First, he brought sin and death into the world by his one act of disobedience, which required the shedding of blood in sacrifice to make atonement for sin (Heb. 9:22). Second, there is still the unfinished work of the covenant, the work of the dominion mandate undergirded by obedience to God's commands, completing that labor and entering the eschatological rest of the seventh day. It is this twofold problem that requires resolution, and this is the work of the second or last Adam, Jesus Christ, who comes to remedy the failed work of the first Adam. (p138)

The rest of the chapter is an exploration as to how Christ completes the dominion mandate and the nature of his obedience.

The passages Fesko cites as speaking to Christ fulfilling the dominion mandate are 1 Cor. 15:18-20, 35-49 and the book of Revelation in general. During his explanation of Revelation, Fesko also cites Psalms and Isaiah:

In looking at the results of the consummated kingdom in the Psalms one reads that Christ will "have dominion from sea to sea, and from the River to the ends of the earth!" (Ps. 72:8) Likewise the prophet Isaiah writes concerning Israel as God's servant, a reality that finds its ultimate significance in the work of Christ: "It is too light a thing that you should be my servant to raise up the tribes of Jacob and to bring back the preserved of Israel: I will make you as a light for the nations, that my salvation may reach to the ends of the earth" (Isa. 49:6;cf John 8:12) Clearly, Christ will fulfill the dominion mandate - he will produce offspring that bear his image, the image of God, and fill the new creation to the ends of the earth. The last Adam will extend the temple to the ends of the earth as well, the second aspect of the dominion mandate. (p142)
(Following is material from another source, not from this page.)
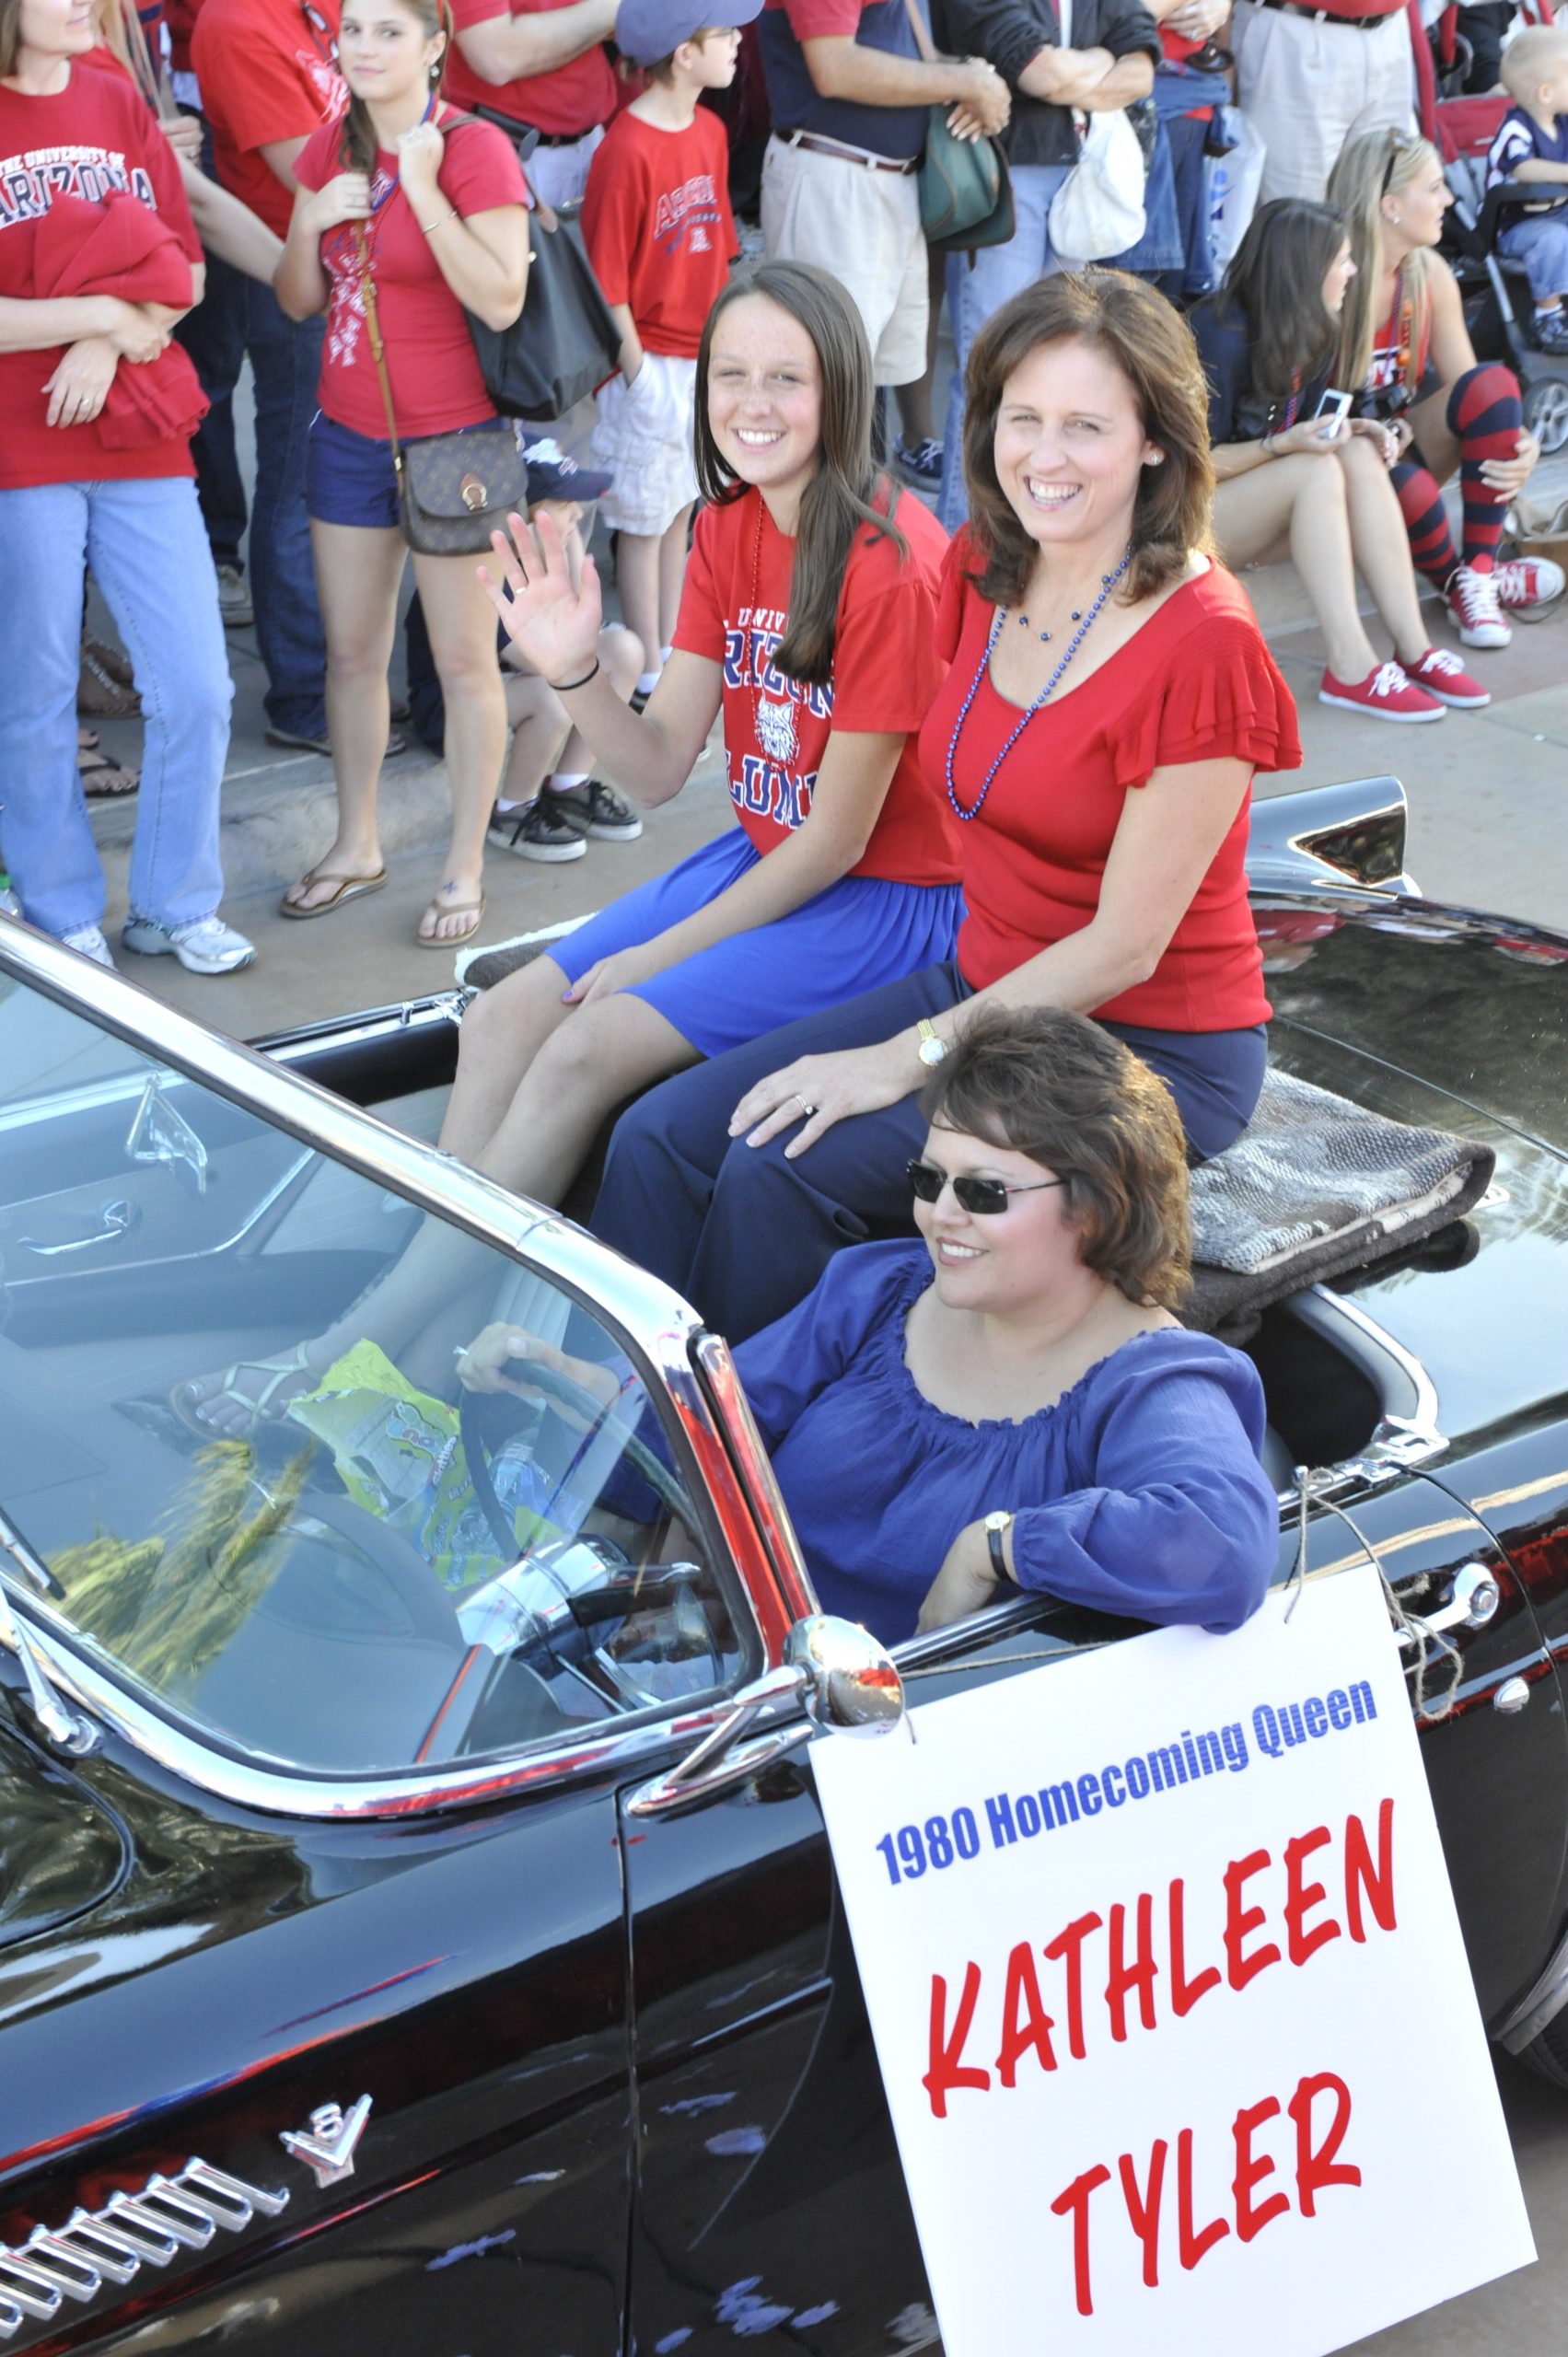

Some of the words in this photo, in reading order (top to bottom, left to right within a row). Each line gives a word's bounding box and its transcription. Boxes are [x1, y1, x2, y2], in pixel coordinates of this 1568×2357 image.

What a rich, biblical theological and covenantally rooted perspective on the work of Christ. The Reformers were finding echoes of Scripture in the writings of Paul well before Richard Hays' classic work.

Saturday, 25 April 2009

The Righteousness of God

Michael Bird notes that during the SBTS panel discussion reviewing N.T Wright's new book on justification, none of the panelists agreed on the meaning of the term "the righteousness of God".  This struck me too as I listened to the different views according to Schreiner, Seifrid and Vickers.  The discord seemed to, inadvertently IMO, concede advantage to N.T Wright's tight definition of the term as God's 'covenant faithfulness'.  I like this definition.  

For a start, it is by definition thoroughly covenantal and takes into account the single purpose of God to deal with sin, sinners and the sin damaged cosmos through Abraham's seed.  Second, this single plan of God gives one a sense of the meta-narrative of Scripture marching towards God's glorious conclusion.  The sovereign plan of God in Christ is the focus of all narrative.  (Why don't us Reformed guys like this?)  Thirdly, given that God's covenant is about righting wrongs, i.e. judging sin, justifying sinners, defeating evil, restoring the cosmos, "the righteousness of God", when defined as "covenant faithfulness" is still thoroughly forensic as it denotes a thoroughly forensic covenant.  It can and should protect the doctrine of justification sola fide.  Fourth, the sheer scope of the definition of the covenant answers a lot of the evangelical/western individualism that the Reformed community are rightly anxious to counteract.  If the covenant is about dealing with sin, sinners and the cosmos, then surely all the "me and my personal experience of Jesus" stuff gets drowned in the utter magnitude of this covenantal tidal wave?

Through this definition, the imputation of Christ's righteousness need not be abandoned but can be understood even more clearly.  If God's covenant faithfulness accomplishes the righting of wrongs through the faithfulness of the last Adam/Israel, then this highlights even further that Christ accomplished by his works what Adam and Israel failed to do.  

Maybe NTW, Dunn and Kaesemann have given us a tight exegetical answer to the question posed by "the righteousness of God".  Maybe they haven't, I'm not too sure.  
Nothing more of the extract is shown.